*** Opening of Given data ***
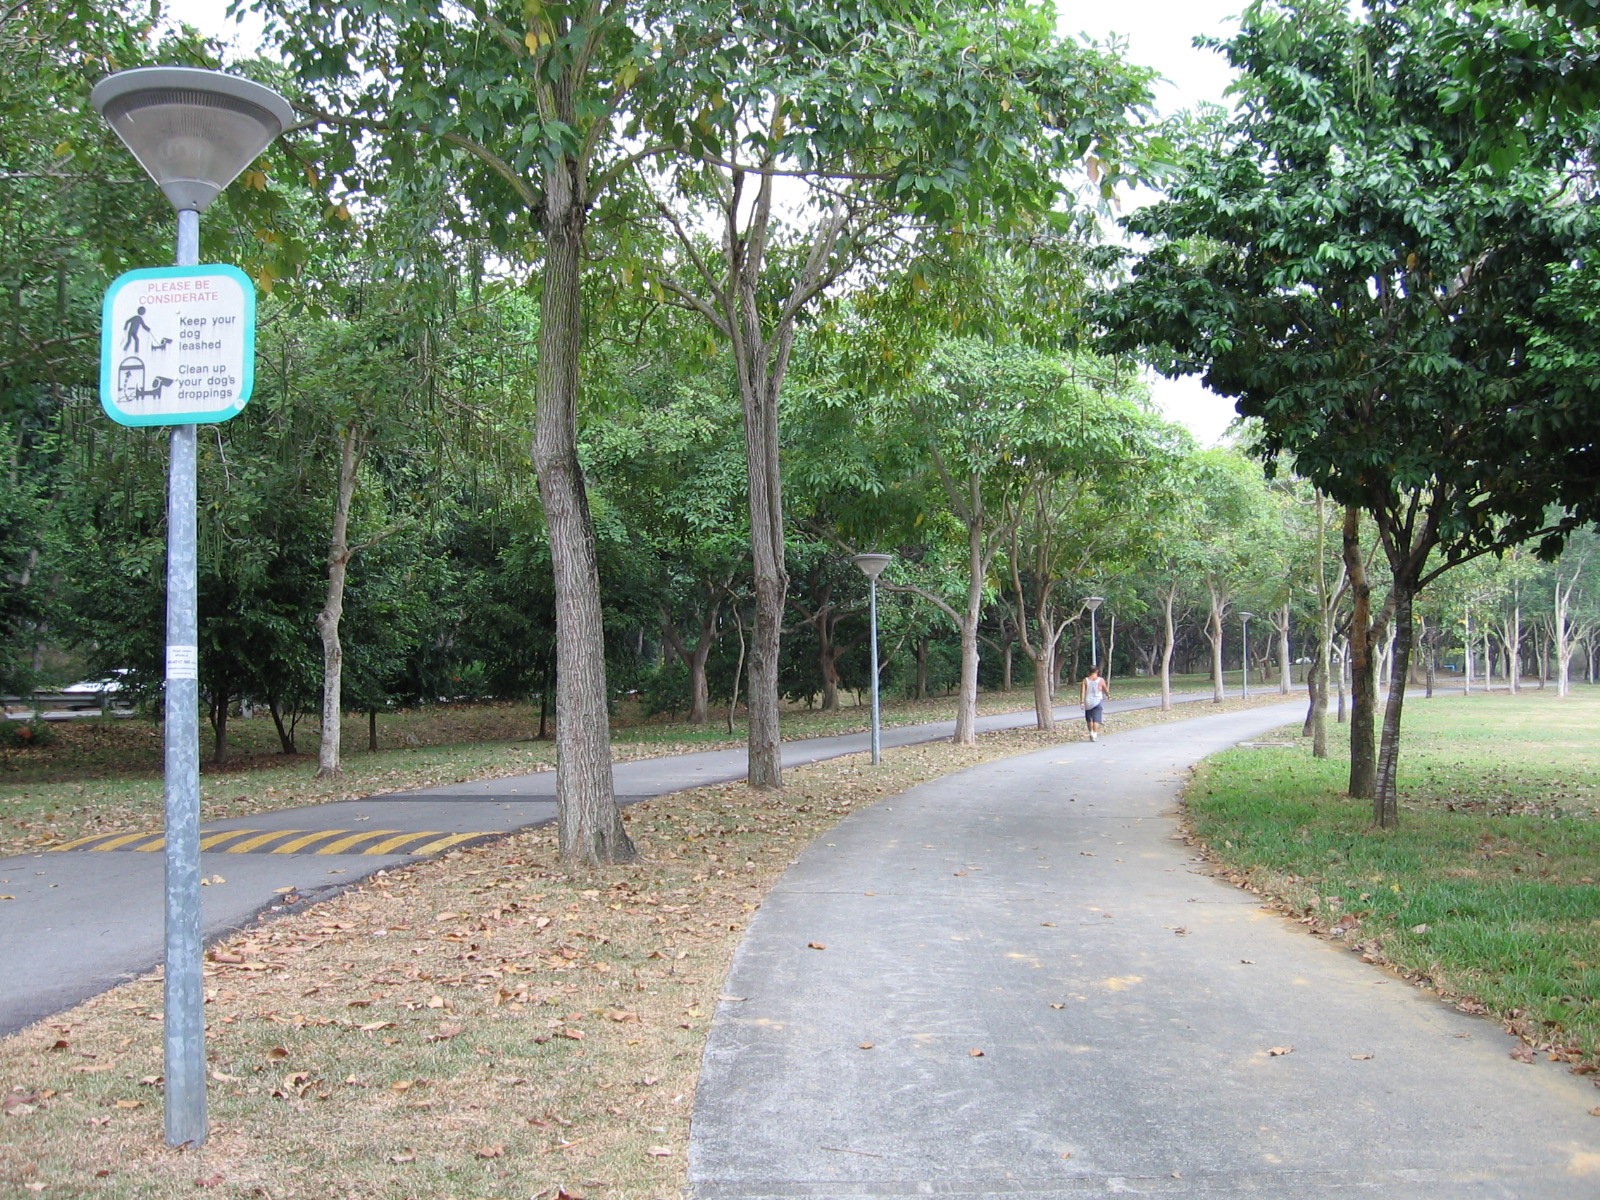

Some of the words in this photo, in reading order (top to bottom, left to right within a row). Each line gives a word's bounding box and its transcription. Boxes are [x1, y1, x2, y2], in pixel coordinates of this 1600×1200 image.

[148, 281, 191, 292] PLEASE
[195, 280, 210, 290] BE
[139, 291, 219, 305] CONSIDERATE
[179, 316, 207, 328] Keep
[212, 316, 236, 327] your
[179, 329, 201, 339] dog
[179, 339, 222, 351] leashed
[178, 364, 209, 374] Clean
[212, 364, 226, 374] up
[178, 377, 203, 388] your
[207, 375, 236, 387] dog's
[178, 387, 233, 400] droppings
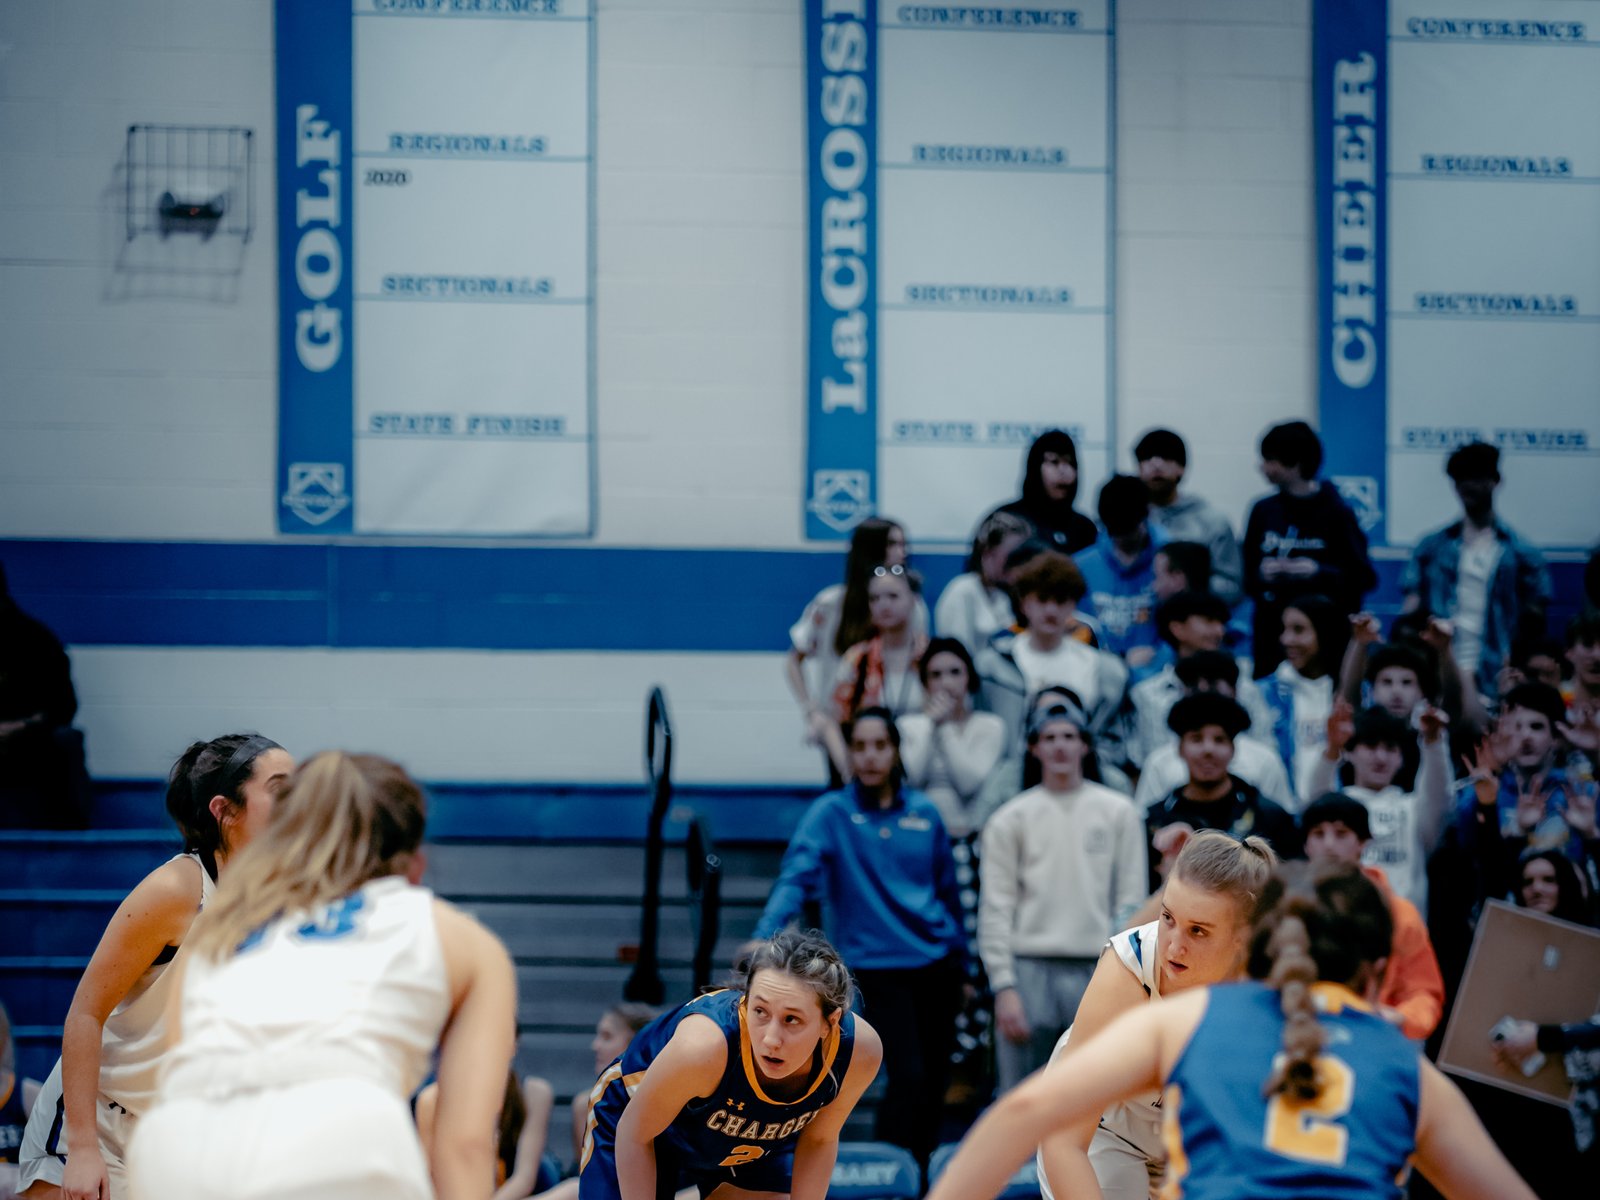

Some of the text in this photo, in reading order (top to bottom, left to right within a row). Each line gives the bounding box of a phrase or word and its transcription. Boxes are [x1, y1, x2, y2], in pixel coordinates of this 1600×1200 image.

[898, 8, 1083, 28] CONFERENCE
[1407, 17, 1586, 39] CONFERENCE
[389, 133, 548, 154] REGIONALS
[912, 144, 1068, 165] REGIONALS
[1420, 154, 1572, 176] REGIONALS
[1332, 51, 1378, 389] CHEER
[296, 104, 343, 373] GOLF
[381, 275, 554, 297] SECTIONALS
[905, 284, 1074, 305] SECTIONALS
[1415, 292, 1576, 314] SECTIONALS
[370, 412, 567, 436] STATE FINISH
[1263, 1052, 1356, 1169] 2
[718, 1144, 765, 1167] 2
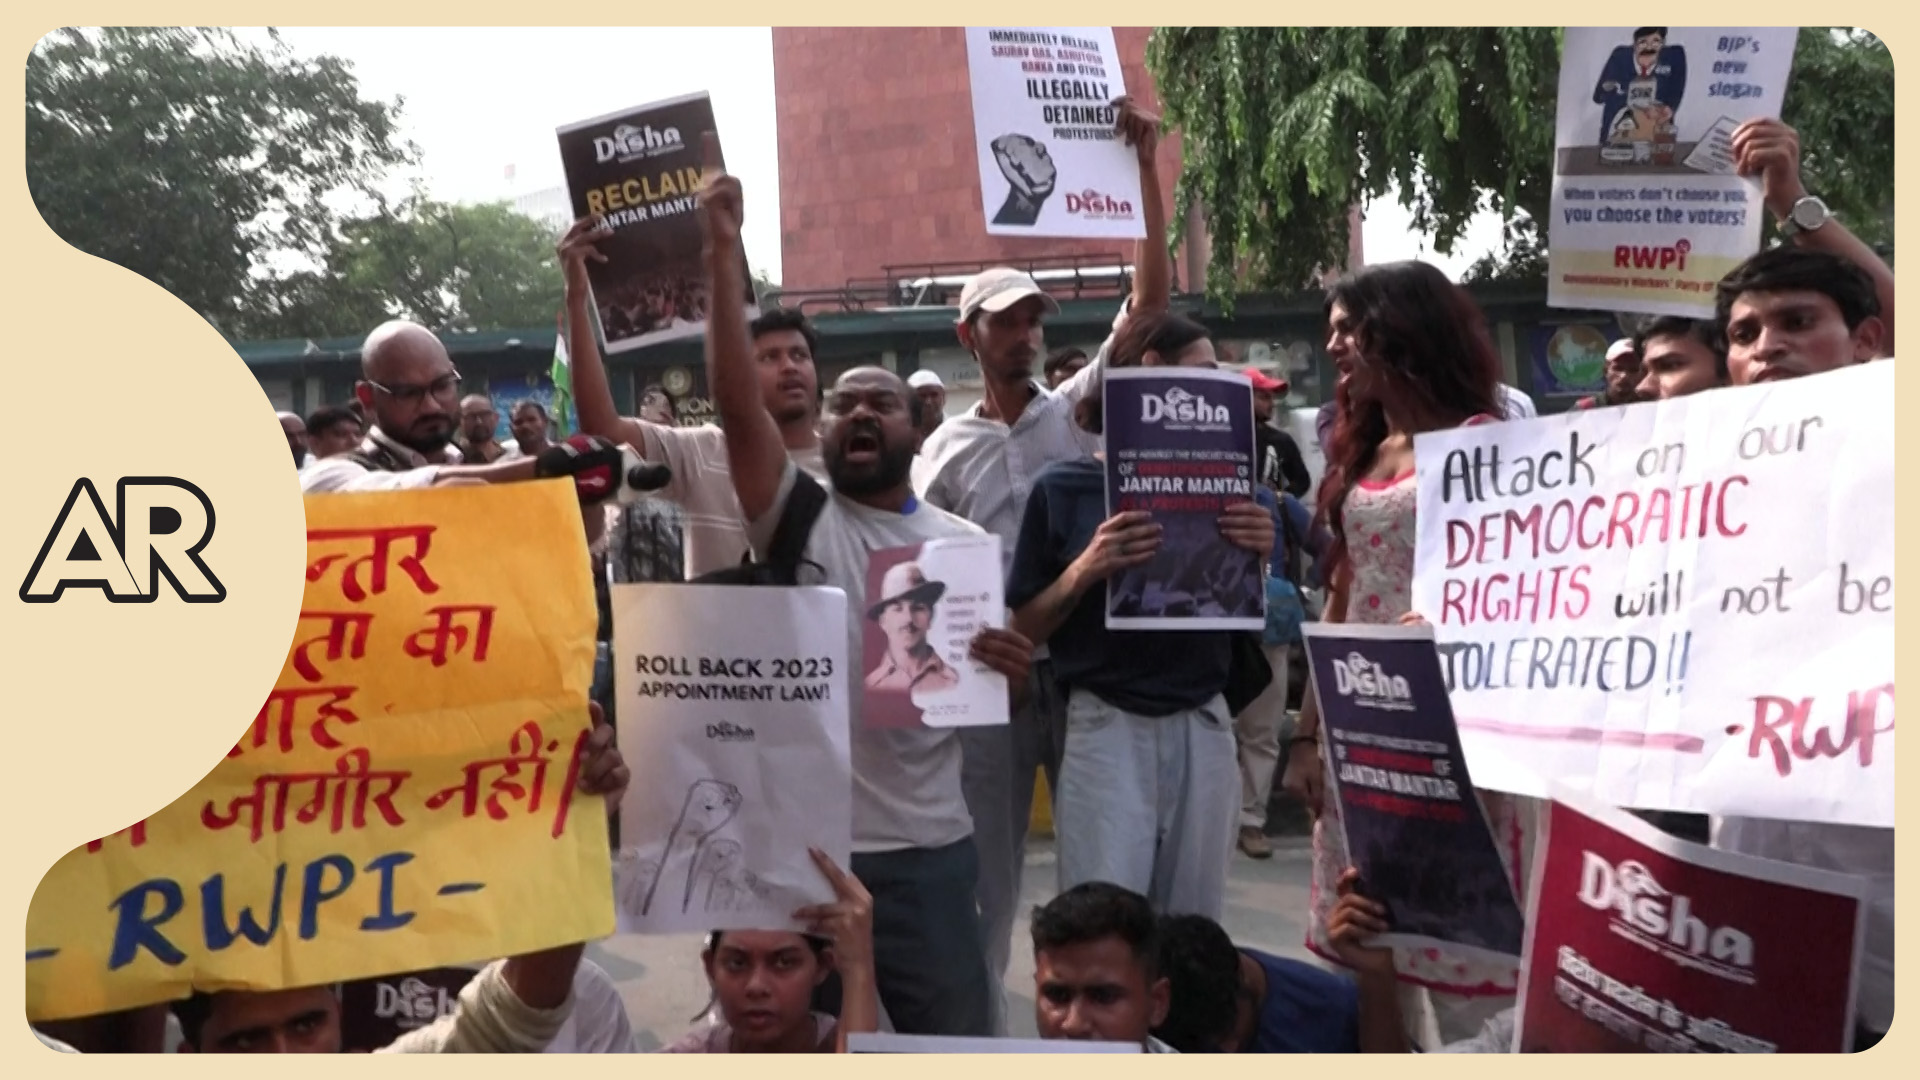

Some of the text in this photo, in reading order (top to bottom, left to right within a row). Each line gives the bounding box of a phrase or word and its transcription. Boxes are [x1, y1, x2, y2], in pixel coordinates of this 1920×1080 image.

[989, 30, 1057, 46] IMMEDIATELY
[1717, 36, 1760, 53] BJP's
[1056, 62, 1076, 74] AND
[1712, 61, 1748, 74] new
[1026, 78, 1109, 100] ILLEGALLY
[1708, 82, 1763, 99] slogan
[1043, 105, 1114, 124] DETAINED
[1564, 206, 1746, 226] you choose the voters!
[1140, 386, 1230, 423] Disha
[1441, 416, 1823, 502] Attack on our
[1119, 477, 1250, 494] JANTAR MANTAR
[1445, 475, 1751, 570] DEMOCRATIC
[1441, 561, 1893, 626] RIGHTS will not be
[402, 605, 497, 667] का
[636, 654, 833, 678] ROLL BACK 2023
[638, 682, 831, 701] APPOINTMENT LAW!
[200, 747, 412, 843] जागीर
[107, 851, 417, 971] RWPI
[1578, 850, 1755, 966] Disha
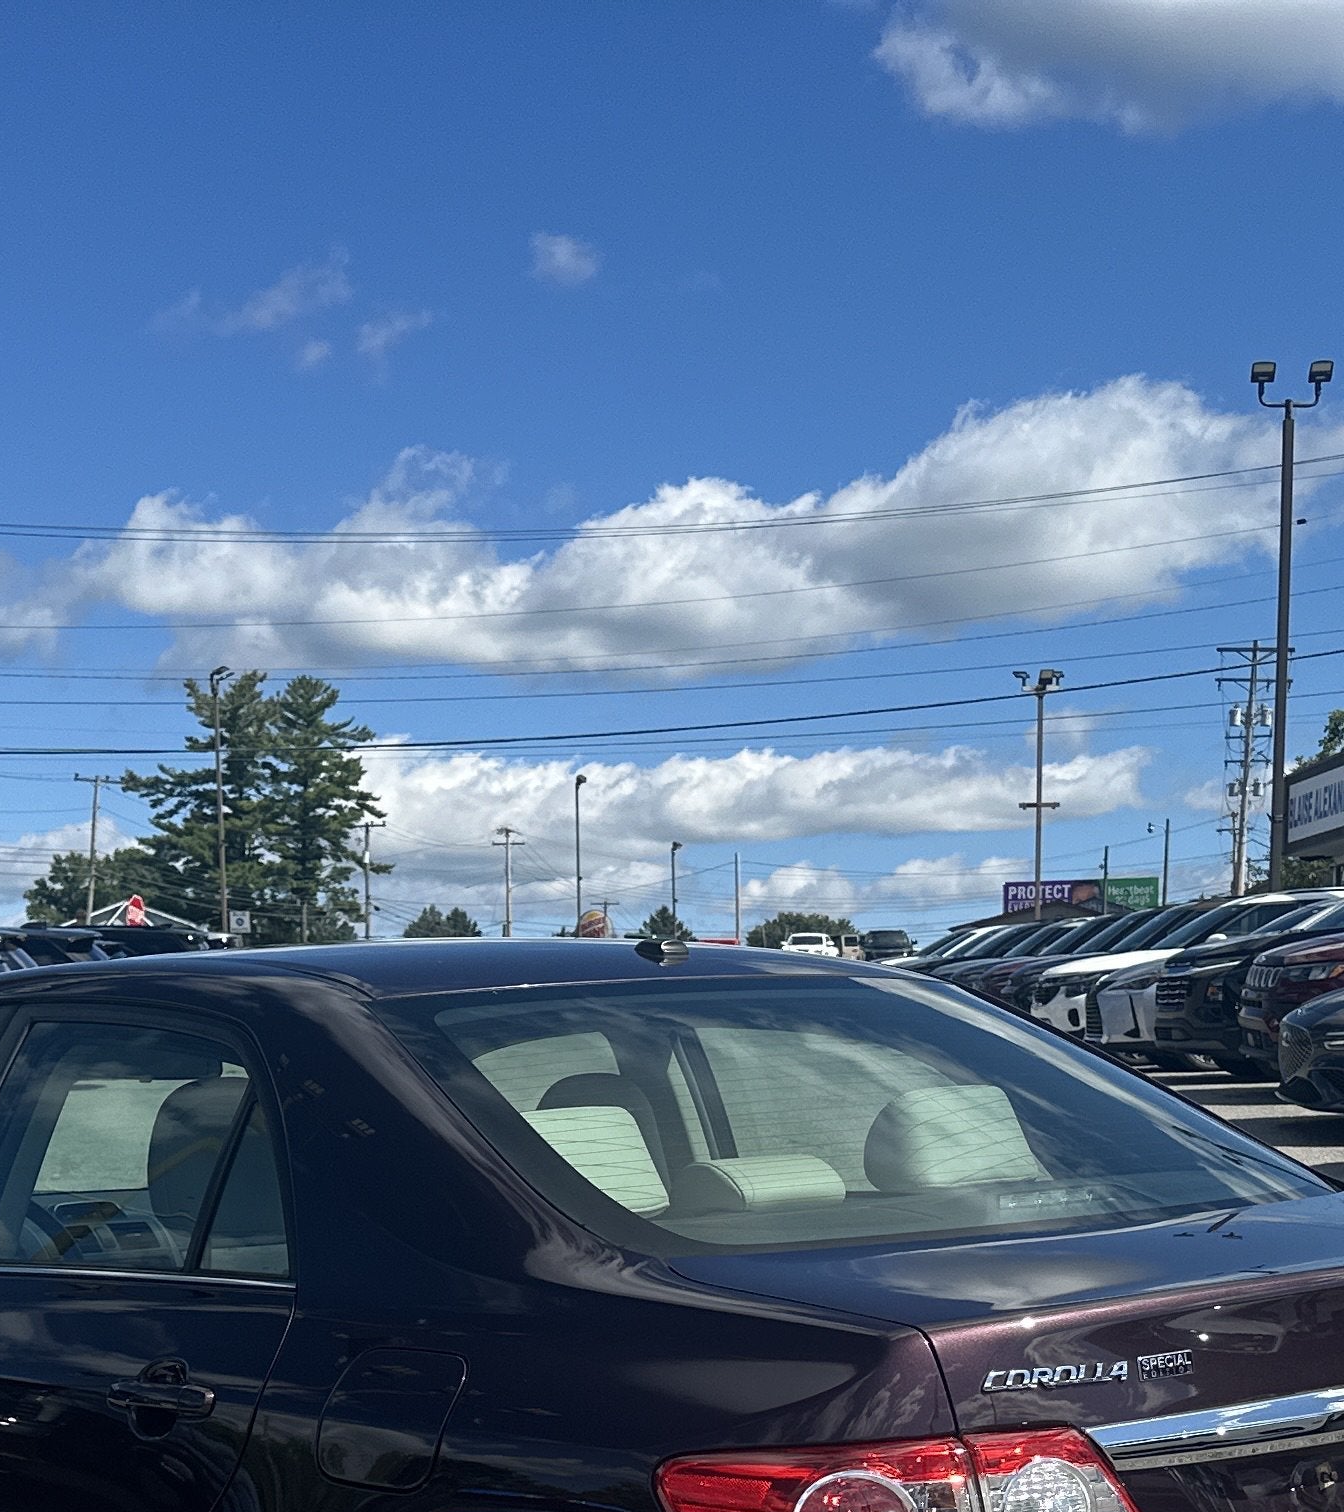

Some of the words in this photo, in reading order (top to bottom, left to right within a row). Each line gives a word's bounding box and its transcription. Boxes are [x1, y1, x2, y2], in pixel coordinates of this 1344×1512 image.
*** Close of Given data ***
● Work task
Drop the images and transcribe the entries above exactly.

● Solution
Some of the words in this photo, in reading order (top to bottom, left to right within a row). Each line gives a word's bounding box and its transcription. Boxes are [x1, y1, x2, y2], in pixel coordinates of this 1600×1200 image.

[148, 281, 191, 292] PLEASE
[195, 280, 210, 290] BE
[139, 291, 219, 305] CONSIDERATE
[179, 316, 207, 328] Keep
[212, 316, 236, 327] your
[179, 329, 201, 339] dog
[179, 339, 222, 351] leashed
[178, 364, 209, 374] Clean
[212, 364, 226, 374] up
[178, 377, 203, 388] your
[207, 375, 236, 387] dog's
[178, 387, 233, 400] droppings

Some of the text in this photo, in reading order (top to bottom, left to right within a row). Each line gives the bounding box of a phrase or word and its transcription. Boxes are [x1, y1, x2, y2], in pixel coordinates of this 1600×1200 image.

[898, 8, 1083, 28] CONFERENCE
[1407, 17, 1586, 39] CONFERENCE
[389, 133, 548, 154] REGIONALS
[912, 144, 1068, 165] REGIONALS
[1420, 154, 1572, 176] REGIONALS
[1332, 51, 1378, 389] CHEER
[296, 104, 343, 373] GOLF
[381, 275, 554, 297] SECTIONALS
[905, 284, 1074, 305] SECTIONALS
[1415, 292, 1576, 314] SECTIONALS
[370, 412, 567, 436] STATE FINISH
[1263, 1052, 1356, 1169] 2
[718, 1144, 765, 1167] 2

Some of the text in this photo, in reading order (top to bottom, left to right within a row). Each line gives the bounding box of a phrase or word and its transcription. Boxes are [x1, y1, x2, y2], in pixel coordinates of this 1920×1080 image.

[989, 30, 1057, 46] IMMEDIATELY
[1717, 36, 1760, 53] BJP's
[1056, 62, 1076, 74] AND
[1712, 61, 1748, 74] new
[1026, 78, 1109, 100] ILLEGALLY
[1708, 82, 1763, 99] slogan
[1043, 105, 1114, 124] DETAINED
[1564, 206, 1746, 226] you choose the voters!
[1140, 386, 1230, 423] Disha
[1441, 416, 1823, 502] Attack on our
[1119, 477, 1250, 494] JANTAR MANTAR
[1445, 475, 1751, 570] DEMOCRATIC
[1441, 561, 1893, 626] RIGHTS will not be
[402, 605, 497, 667] का
[636, 654, 833, 678] ROLL BACK 2023
[638, 682, 831, 701] APPOINTMENT LAW!
[200, 747, 412, 843] जागीर
[107, 851, 417, 971] RWPI
[1578, 850, 1755, 966] Disha

Some of the words in this photo, in reading order (top to bottom, left to right within a row). Each line gives a word's bounding box and its transcription. Boxes are [x1, y1, x2, y2], in pixel coordinates of this 1344×1512 image.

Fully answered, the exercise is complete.